Mouthguards play a critical role in mitigating sports-related injuries to the oral and maxillofacial region by absorbing and distributing impact forces, thereby lessening the force transmitted to dental hard tissues, mandibular condyles, and articular disks (6). Due to limited centralized monitoring data, no large-scale studies currently explore the influence of mouthguards on oral and maxillofacial injuries. It has been observed that the risk of orofacial trauma in contact sports increases by 1.6–1.9 times when a mouthguard is not used (7). Furthermore, incorporating mouthguards has been shown to decrease the transmission of impact energy to targeted head regions, potentially lessening the severity of traumatic brain injuries (8). The broader role of mouthguards in safeguarding against brain injury is supported by current literature, which highlights their effectiveness in sports where head impacts are prevalent (3, 9). The World Dental Federation endorses the use of mouthguards as a preventive approach against orofacial and dental injuries, with a particular recommendation for custom-made mouthguards crafted by dental professionals (10). However, several factors hinder the adoption of mouthguards by athletes, including inadequate coaching guidance, communication limitations, and perceived impacts on athletic performance (11).
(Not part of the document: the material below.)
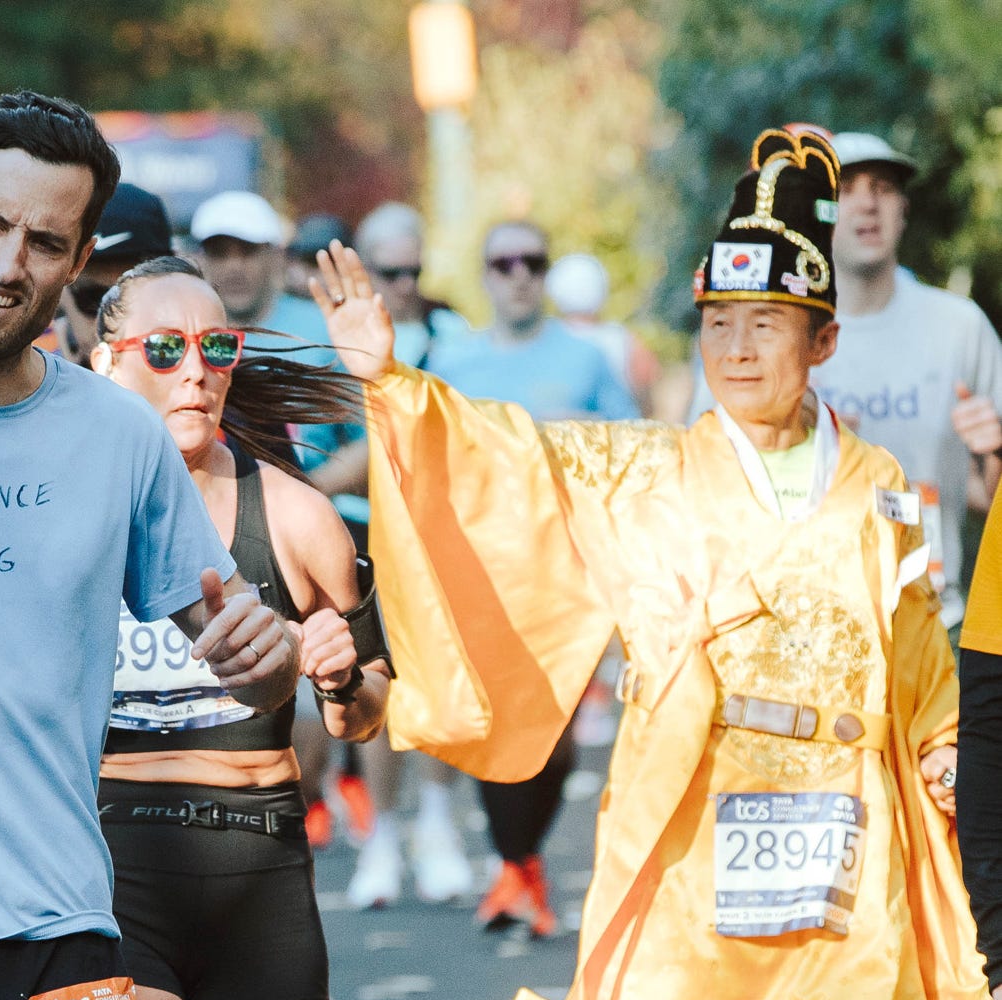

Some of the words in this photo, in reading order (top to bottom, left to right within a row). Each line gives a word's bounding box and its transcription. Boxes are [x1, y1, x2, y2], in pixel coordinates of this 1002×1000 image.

[734, 797, 770, 821] tcs
[726, 828, 859, 872] 28945
[92, 987, 113, 997] TATA
The financial aspect of mouthguard acquisition also influences athletes’ decision-making processes. Beginning with the history of mouthguards, this study aims to review the main types of mouthguards and the potential factors measuring their performance, with a special focus on the effect of mouthguards on sports performance.

2 Search criteria

As a narrative review, this study performed a comprehensive literature search using mouthguard as a search term, focusing on studies that are directly pertinent to the use of mouthguards in athletics, encompassing their classification, characteristics, and implications for athletic performance. Peer-reviewed systematic reviews, cohort studies, randomized controlled trials, and case-control studies written in English were included, with no restrictions on article type or geography. Non-empirical works such as editorials, commentaries, and non-systematic reviews, as well as studies not aligned with the practical applications of mouthguards in sports or clinical settings, were excluded.

The literature was obtained by extracting data from databases through the review of titles and abstracts. Full texts of studies deemed relevant were retrieved. Since this study is a narrative review, it did not strictly adhere to the systematic review methodology prescribed by the Preferred Reporting Items for Systematic Reviews and Meta-Analyses guidelines.

3 History of mouthguards

Boxing, as the pioneer in the use of mouthguards, has a history that dates back to the late 19th century. During this period, boxers crafted makeshift mouthguards from materials like cotton, tape, sponge, or small wooden pieces. These early mouthguards were clenched between the teeth to offer basic protection against the sport’s forceful impacts. The 1930s marked a pivotal shift in mouthguard technology with the advent of custom-made mouthguards. Dentists began using dental impressions, wax, and rubber to create mouthguards that were more comfortable and provided enhanced shock absorption and protection (7). Rugby, another sport with a high risk of oral and facial injuries, soon followed boxing’s lead in adopting mouthguards. In the 1950s, dental injuries were reported to account for most injuries in rugby, ranging from 23 to 54% (12). This prompted the American Dental Association (ADA) to endorse latex mouthguards in rugby and other contact sports by 1960. Currently, the ADA advocate for the application of mouthguards in 30 sports or exercise activities with a high risk of orofacial injury (13).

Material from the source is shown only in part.